Published On February 3, 2026 » By »

When Reba McEntire performed at the 2026 Grammys, held Feb. 1 at Los Angeles’s Crypto.com Arena, it was, incredibly, her first time ever singing on the Grammy stage. That alone would have made the occasion momentous, but McEntire (along with Brandy Clark and Promise of the Real’s Lukas Nelson, son of Willie) was tasked with one of the evening’s most daunting and important assignments: appearing in the ceremony’s In Memoriam tribute.

And this year, that segment hit especially close to home for Reba.

“I’ve got a lot of friends on that screen tonight. My oldest son, Brandon Blackstock, is also up there. He went on back in August,” McEntire told me on the preshow red carpet, referring to her talent-manager stepson. (McEntire was married to Brandon’s father Narvel Blackstock, for more than 20 years.) “So, it’s going to be a very emotional song to sing. But Lukas Nelson, Brandy Clark, and I will do our best to get through it.”

As the country queen steeled herself to perform a retooled version of “Trailblazer” — a song she cowrote with Clark and the track’s other two recording artists, Lainey Wilson and Miranda Lambert, as a way of “honoring the [country music] ladies who have been before us who have gone on” — she revealed that she could hear the voice of her stepson in her head. She knew that the talent manager, who died last August from malignant melanoma at age 48, would give her just the right tough-love pep talk she needed.
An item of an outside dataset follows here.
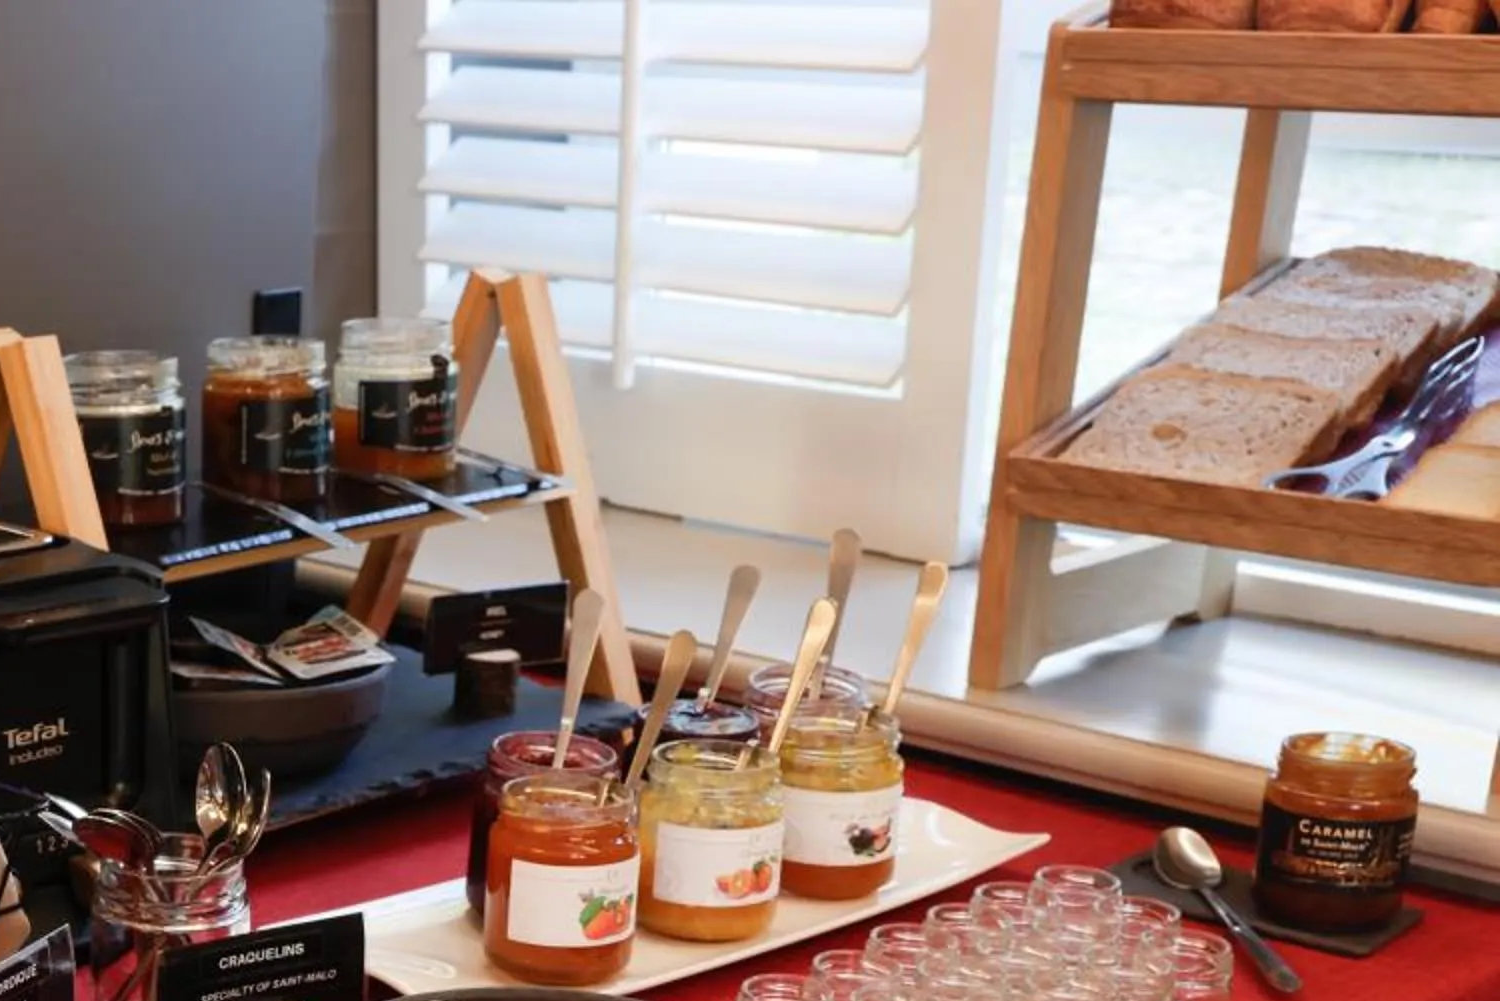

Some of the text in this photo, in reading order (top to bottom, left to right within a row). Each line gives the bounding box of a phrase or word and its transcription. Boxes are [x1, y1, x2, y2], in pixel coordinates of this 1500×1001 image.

[3, 717, 69, 749] Tefal
[1299, 818, 1373, 840] CARAMEL
[218, 942, 305, 970] CRAQUELINS
[255, 980, 271, 993] OF
“I know Brandon would say, ‘Suck it up there, Mom! Get up there and do it,’” McEntire chuckled. However, when she was a coach on The Voice, she was used to helping her own contestants power through emotional and deeply personal performances. And she’d remember some advice she received from another dearly departed loved one, her mom Jacqueline, who died in 2020.

“I’ve always had a little trick that my mother told me: When you get a little emotional, look up at the ‘EXIT’ signs, and try to read it backwards,” McEntire revealed. “It gets you out of that moment of heartbreak when you’re just about to choke, and so you switch [in your brain], and then you stand and you can tend to business. That’s why you’re there.”